France | France, Cour administrative d'appel de PARIS, 7ème chambre, 03 juillet 2025, 24PA04780


Vu la procédure suivante :



Procédure contentieuse antérieure :



M. A... B... a demandé au tribunal administratif de Montreuil d'annuler l'arrêté du 17 juillet 2023 par lequel le préfet de la Seine-Saint-Denis a refusé de lui délivrer un titre de séjour, l'a obligé à quitter sans délai le territoire français, a fixé le pays à destination duquel il sera éloigné et a prononcé à son encontre une interdiction de retour sur le territoire français d'une durée de deux ans.



Par un jugement n° 2310040 du 16 octobre 2024

le tribunal administratif de Montreuil a rejeté sa demande.



Procédure devant la cour :



...

Vu la procédure suivante :

Procédure contentieuse antérieure :

M. A... B... a demandé au tribunal administratif de Montreuil d'annuler l'arrêté du 17 juillet 2023 par lequel le préfet de la Seine-Saint-Denis a refusé de lui délivrer un titre de séjour, l'a obligé à quitter sans délai le territoire français, a fixé le pays à destination duquel il sera éloigné et a prononcé à son encontre une interdiction de retour sur le territoire français d'une durée de deux ans.

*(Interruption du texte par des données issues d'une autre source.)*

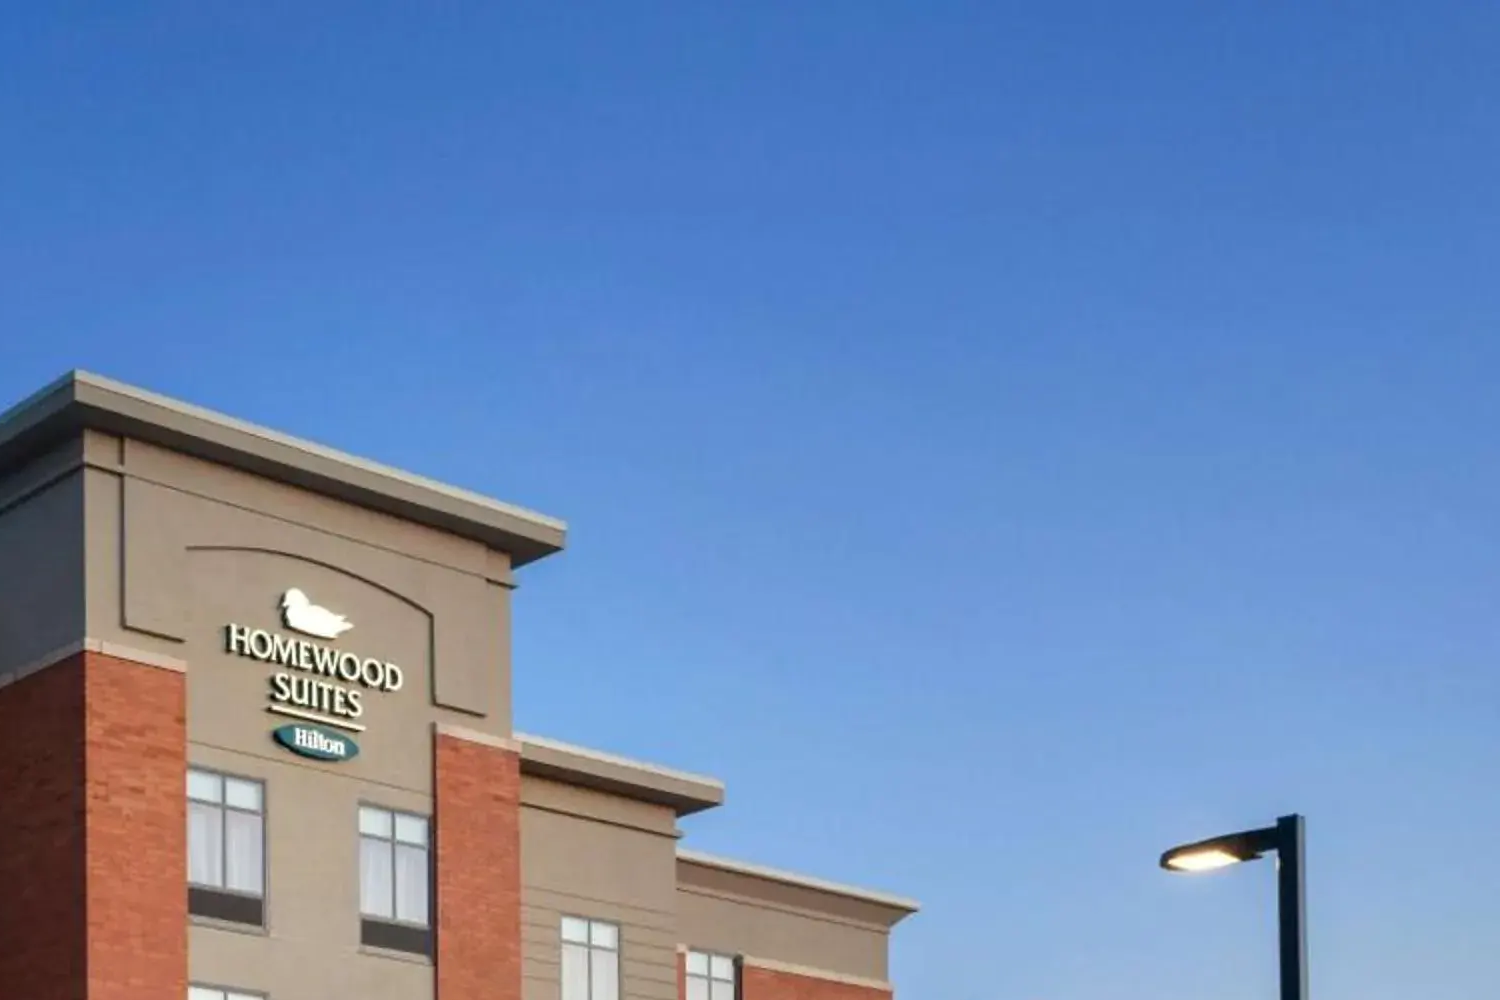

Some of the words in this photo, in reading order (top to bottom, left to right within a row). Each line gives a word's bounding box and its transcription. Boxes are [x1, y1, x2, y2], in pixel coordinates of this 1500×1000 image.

Par un jugement n° 2310040 du 16 octobre 2024 le tribunal administratif de Montreuil a rejeté sa demande.

Procédure devant la cour :

Par une requête et un mémoire, enregistrés les 23 novembre 2024 et 10 avril 2025, M. B..., représenté par Me Menage, demande à la cour :

1°) d'annuler le jugement n° 2310040 du 16 octobre 2024 du tribunal administratif de Montreuil ;

2°) d'annuler l'arrêté du préfet de la Seine-Saint-Denis du 17 juillet 2023 ;

3°) d'enjoindre au préfet de la Seine-Saint-Denis ou à toute autorité territorialement compétente, de lui délivrer une carte de séjour portant la mention " salarié " ou " vie privée et familiale ", ou, à défaut, de procéder au réexamen de sa situation dans un délai deux mois à compter de la notification de l'arrêt à intervenir et de lui délivrer dans l'attente de ce réexamen, une autorisation provisoire de séjour avec autorisation de travail ;

4°) de mettre à la charge de l'Etat la somme de 2 000 euros en application de l'article L. 761-1 du code de justice administrative.

Il soutient que :

- la décision portant refus de titre de séjour est insuffisamment motivée ;

- le préfet n'a pas procédé à un examen particulier de sa situation personnelle ;

- cette décision a été prise à l'issue d'une procédure irrégulière dès lors qu'aucun document n'atteste de l'identité ou de l'habilitation des agents ayant consulté le fichier du traitement des antécédents judiciaires ;

- elle est entachée d'une erreur de fait ;

- en lui opposant l'absence de contrat de travail exigé par la règlementation en vigueur sans examiner sa demande d'autorisation de travail, le préfet a commis une erreur de droit ;

- en refusant son admission exceptionnelle au séjour le préfet a commis une erreur manifeste d'appréciation ;

- en considérant que sa présence en France constitue une menace pour l'ordre public, le préfet a entaché sa décision d'une erreur de droit et d'une erreur d'appréciation ;

- le refus de titre de séjour litigieux a été pris en méconnaissance de l'article 8 de la convention européenne de sauvegarde des droits de l'homme et des libertés fondamentales ;

- la décision portant obligation de quitter le territoire français est illégale à raison de l'illégalité de la décision de refus de titre de séjour ;

- elle a été prise en méconnaissance de l'article 8 de la convention européenne de sauvegarde des droits de l'homme et des libertés fondamentales ;

- elle est entachée d'une erreur manifeste d'appréciation ;

- la décision de refus de délai de départ volontaire est illégale à raison de l'illégalité de la décision portant obligation de quitter le territoire français ;

- elle n'est pas motivée ;

- elle est entachée d'une erreur de droit et d'une erreur manifeste d'appréciation ;

- la décision fixant le pays de destination est illégale à raison de l'illégalité de la décision portant obligation de quitter le territoire français ;

- la décision portant interdiction de retour sur le territoire français est illégale à raison de l'illégalité de la décision portant obligation de quitter le territoire français ;

- elle est insuffisamment motivée ;

- le préfet n'a pas procédé à un examen sérieux et particulier de sa situation ;

- elle est entachée d'une erreur d'appréciation quant à son principe et sa durée ;

- elle a été prise en méconnaissance de l'article 8 de la convention européenne de sauvegarde des droits de l'homme et des libertés fondamentales.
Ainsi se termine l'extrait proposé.